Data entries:
=== Begin Enclosure ===
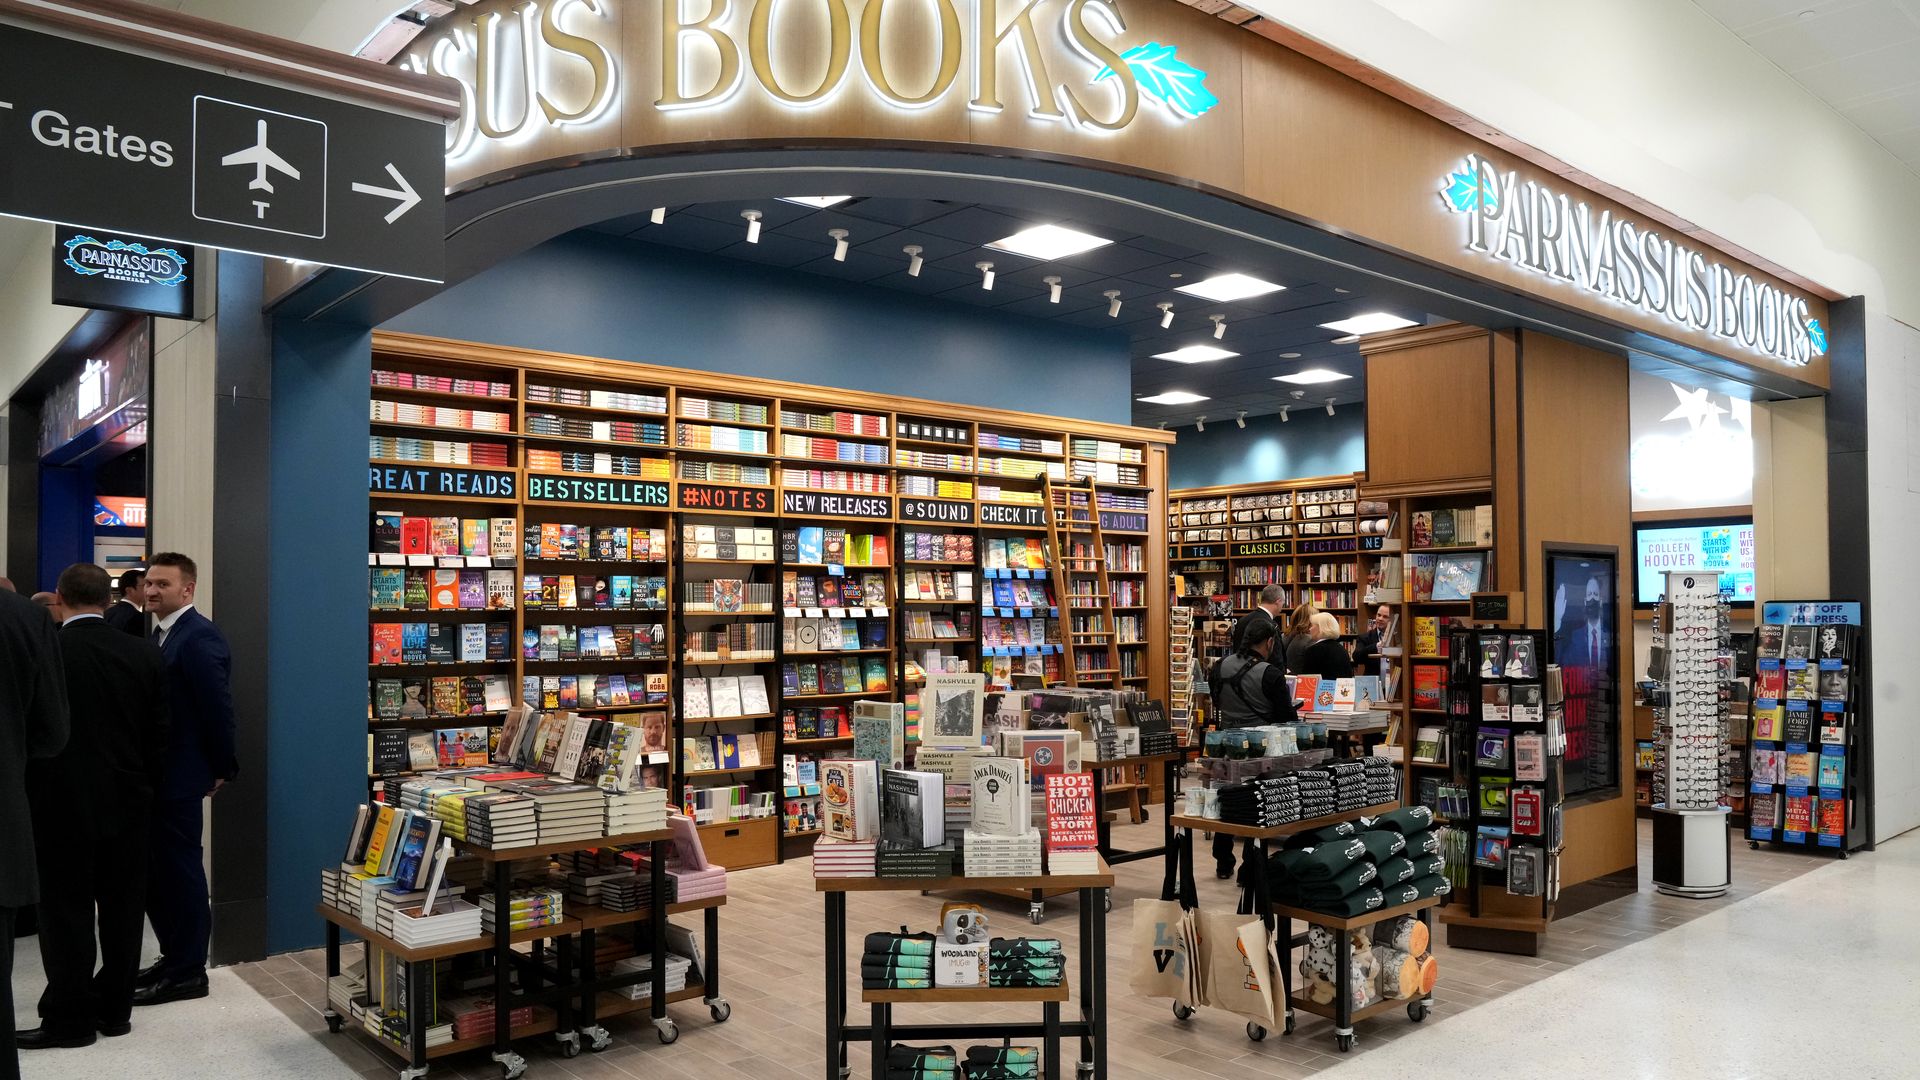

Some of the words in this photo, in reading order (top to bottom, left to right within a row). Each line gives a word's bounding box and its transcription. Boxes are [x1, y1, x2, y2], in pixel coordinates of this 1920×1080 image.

[655, 0, 1139, 138] BOOKS
[31, 110, 174, 168] Gates
[81, 248, 172, 274] PARNASSUS
[1466, 152, 1711, 330] PARNASSUS
[1712, 262, 1812, 366] BOOKS
[108, 267, 146, 279] BOOKS
[440, 472, 513, 496] READS
[529, 478, 668, 505] BESTSELLERS
[683, 487, 767, 509] #NOTES
[784, 495, 816, 512] NEW
[821, 497, 887, 516] RELEASES
[905, 503, 968, 521] @SOUND
[981, 506, 1021, 524] CHECK
[1026, 509, 1038, 524] IT
[1113, 515, 1145, 530] ADULT
[1240, 543, 1285, 555] CLASSICS
[1304, 540, 1356, 552] FICTION
[1649, 543, 1690, 553] COLLEEN
[1702, 538, 1726, 546] STARTS
[1193, 547, 1211, 557] TEA
[1644, 554, 1695, 567] HOOVER
[1796, 605, 1818, 613] HOT
[1757, 689, 1779, 699] Poet
[984, 714, 1020, 728] CASH
[1138, 711, 1160, 721] GUITAR
[974, 768, 988, 780] JACK
[989, 765, 1013, 784] DANIEL'S
[1049, 776, 1092, 786] HOT,
[889, 784, 917, 794] NASHVILLE
[1049, 787, 1091, 797] HOT
[1050, 797, 1093, 814] CHICKEN
=== End Enclosure ===
WHAT THE TASK REQUIRES: Your task is an exact printout of the records above, with no pictures.

PROBLEM SOLUTION:
Some of the words in this photo, in reading order (top to bottom, left to right within a row). Each line gives a word's bounding box and its transcription. Boxes are [x1, y1, x2, y2], in pixel coordinates of this 1920×1080 image.

[655, 0, 1139, 138] BOOKS
[31, 110, 174, 168] Gates
[81, 248, 172, 274] PARNASSUS
[1466, 152, 1711, 330] PARNASSUS
[1712, 262, 1812, 366] BOOKS
[108, 267, 146, 279] BOOKS
[440, 472, 513, 496] READS
[529, 478, 668, 505] BESTSELLERS
[683, 487, 767, 509] #NOTES
[784, 495, 816, 512] NEW
[821, 497, 887, 516] RELEASES
[905, 503, 968, 521] @SOUND
[981, 506, 1021, 524] CHECK
[1026, 509, 1038, 524] IT
[1113, 515, 1145, 530] ADULT
[1240, 543, 1285, 555] CLASSICS
[1304, 540, 1356, 552] FICTION
[1649, 543, 1690, 553] COLLEEN
[1702, 538, 1726, 546] STARTS
[1193, 547, 1211, 557] TEA
[1644, 554, 1695, 567] HOOVER
[1796, 605, 1818, 613] HOT
[1757, 689, 1779, 699] Poet
[984, 714, 1020, 728] CASH
[1138, 711, 1160, 721] GUITAR
[974, 768, 988, 780] JACK
[989, 765, 1013, 784] DANIEL'S
[1049, 776, 1092, 786] HOT,
[889, 784, 917, 794] NASHVILLE
[1049, 787, 1091, 797] HOT
[1050, 797, 1093, 814] CHICKEN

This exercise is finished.